Ministro acha que STF não deve se debruçar sobre a indicação de Alexandre Ramagem, amigo de Carlos Bolsonaro, ao comando da PF

Foto: Agência Brasil

Jornal GGN – O ministro Gilmar Mendes afirmou na tarde desta segunda (27) que o Supremo Tribunal Federal (STF) não necessariamente vai se debruçar sobre reclamações a respeito da nomeação de Alexandre Ramagem, amigo pessoal de Carlos Bolsonaro, para o cargo de diretor-geral da Polícia Federal. Além disso, o magistrado alertou que há “confusão” sobre o papel do diretor-geral.

Na sexta (24), o ex-juiz Sergio Moro abandonou o governo alegando que Bolsonaro quer mexer no comando da PF para colocar uma “pessoa de sua confiança”, com o intuito de ter acesso a informações privilegiadas de inquéritos em andamento.

“Não entendo que o diretor-geral da PF tenha autoridade para repassar informações de inquéritos. Acho que há certa confusão sobre os assuntos, uma vez que o responsável pelo inquérito, a rigor, exerce a função de polícia judiciária, portanto, se reporta eventualmente a um ministro – no STF ou no STJ – ou a um juiz, e ao Ministério Público”, disse Gilmar durante entrevista transmitida ao vivo pela Folha.

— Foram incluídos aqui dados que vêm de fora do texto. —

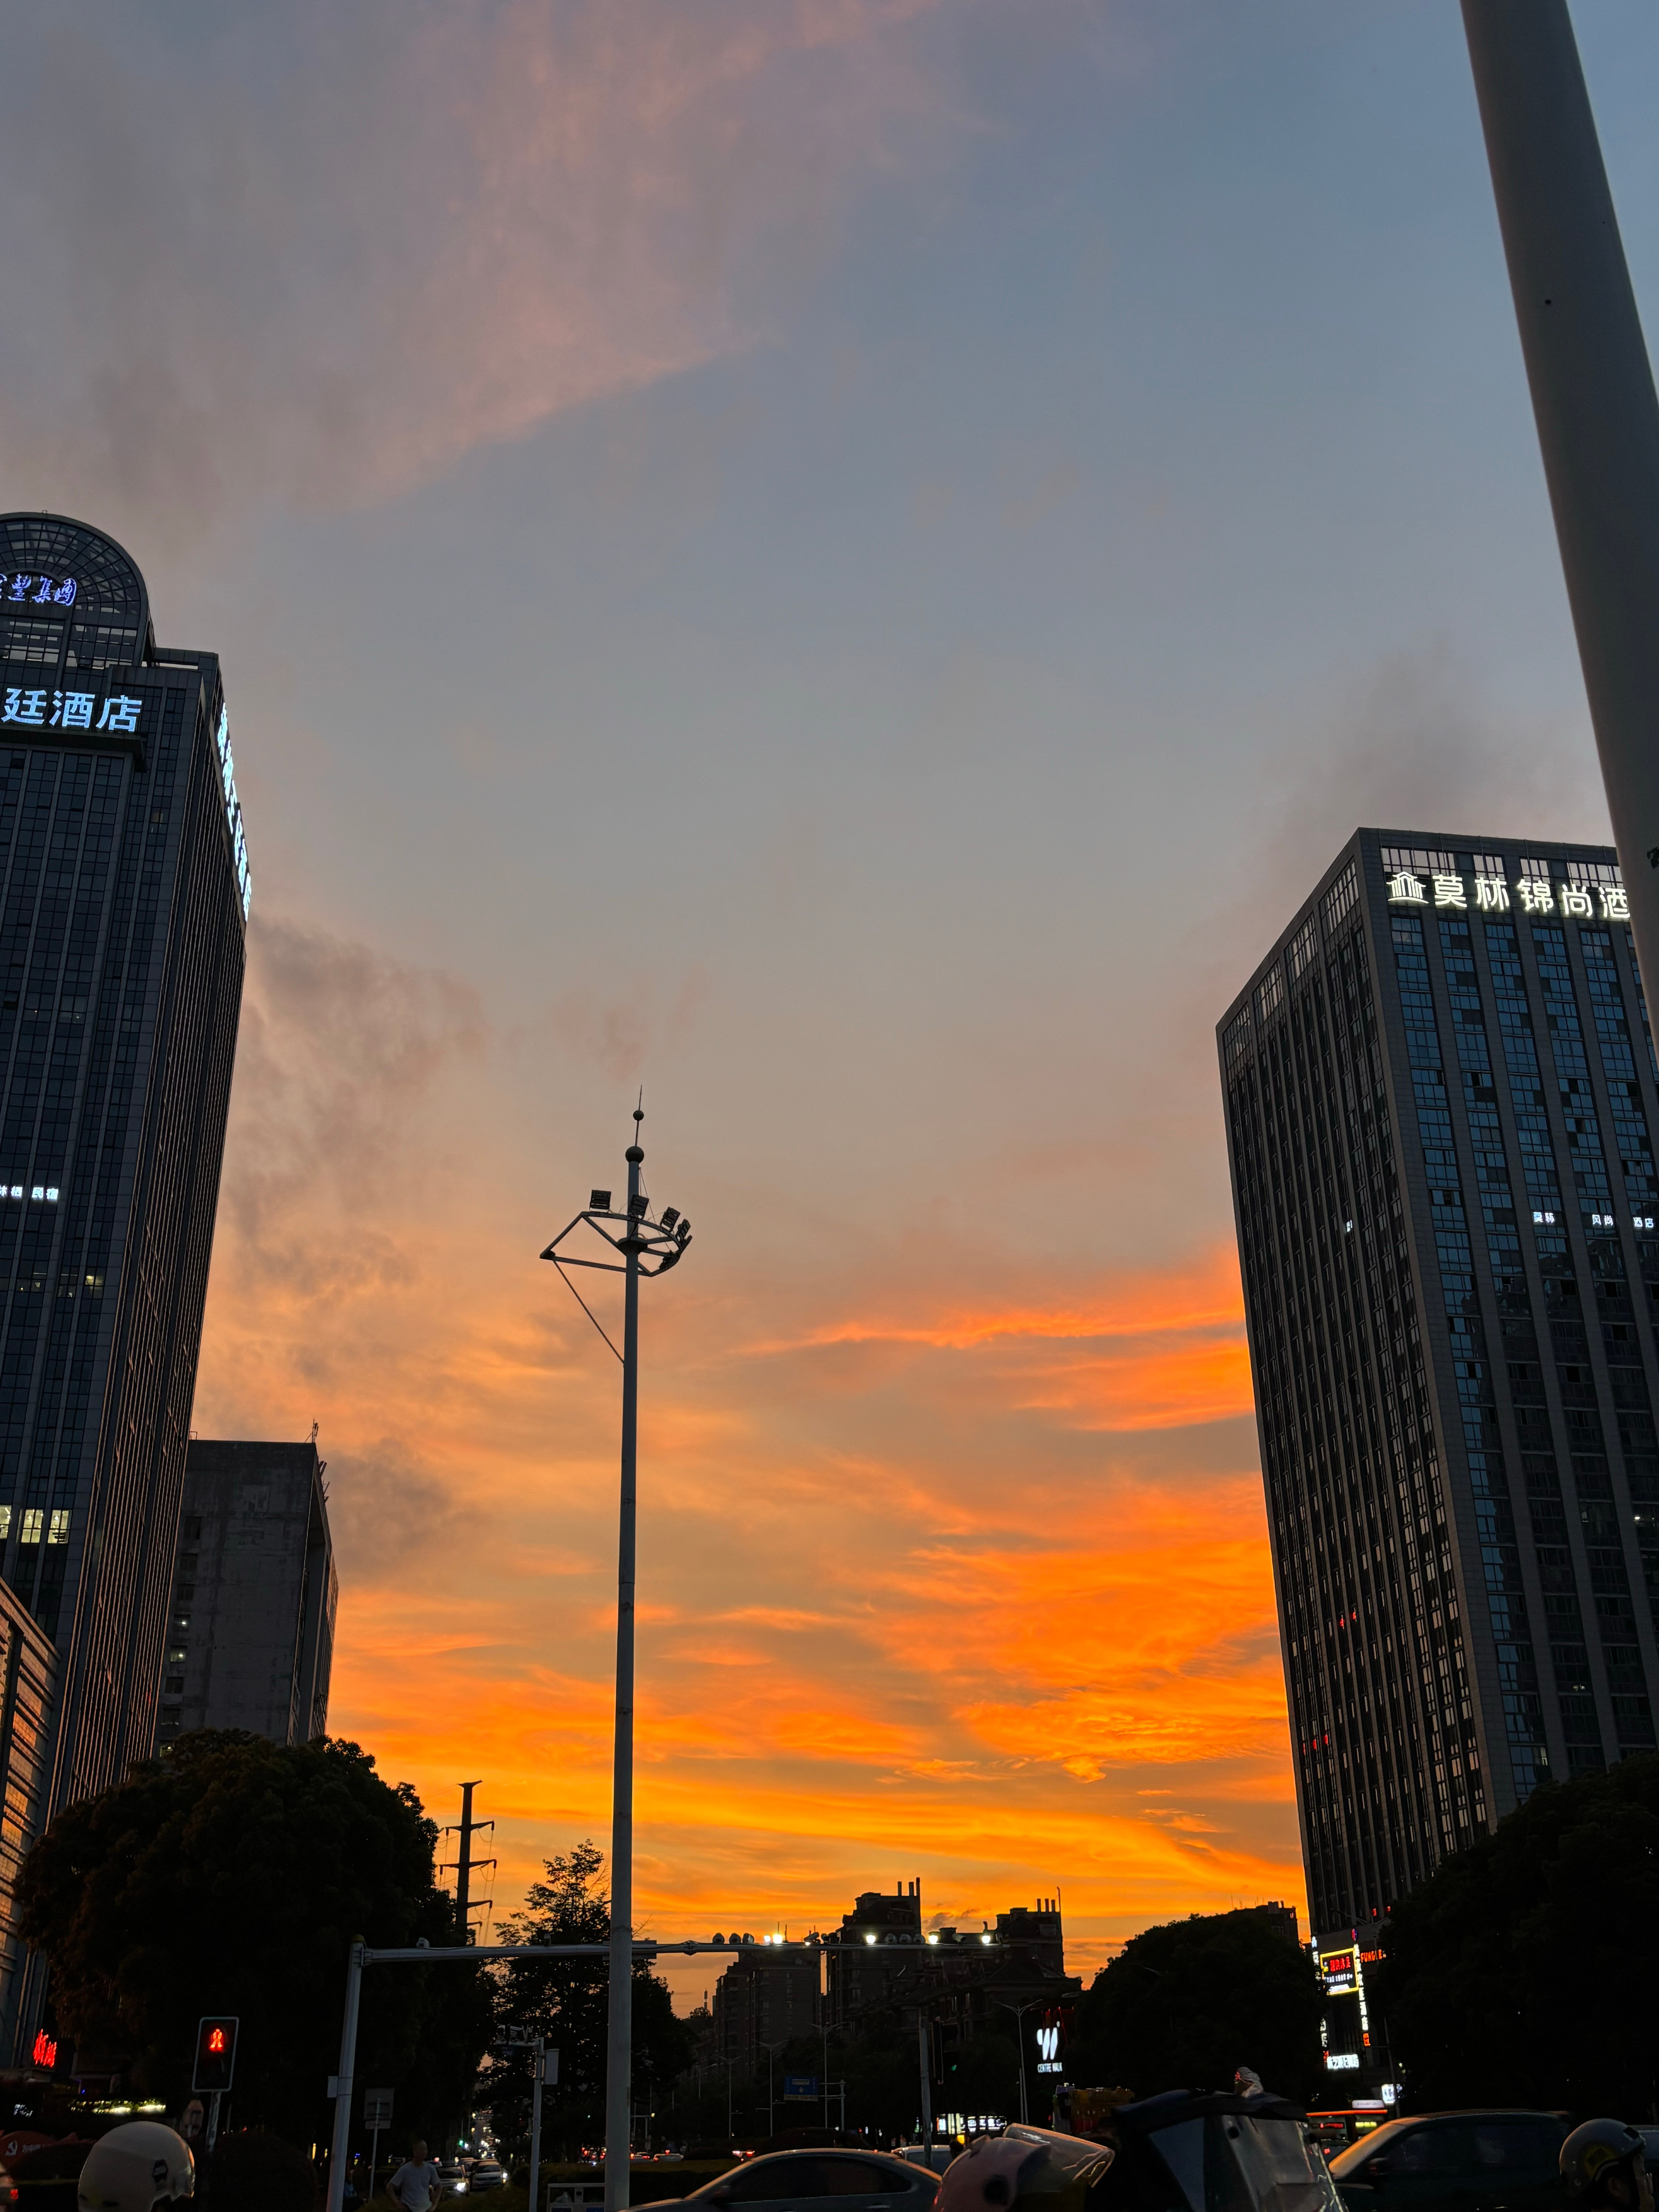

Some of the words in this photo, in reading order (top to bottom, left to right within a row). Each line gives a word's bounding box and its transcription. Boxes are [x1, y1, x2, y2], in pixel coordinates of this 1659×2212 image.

[0, 574, 77, 606] 豐集團
[1, 688, 142, 732] 廷酒店
[1432, 874, 1630, 919] 莫林锦尚酒

Ainda segundo o ministro, a indicação do amigo pessoal do filho 02 para o cargo envolve “fatos complexos e intricados.” Se cair no STF, a corte deverá “olhar com muita cautela”, mas “não vejo esse debate ser levado ainda ao STF. Pelo que tenho ouvido, as lideranças políticas moverão ação popular, portanto, isso se daria em primeiro grau”, disse Gilmar.

Além disso, o magistrado avaliou que o presidente tem poder para escolher o comando da PF.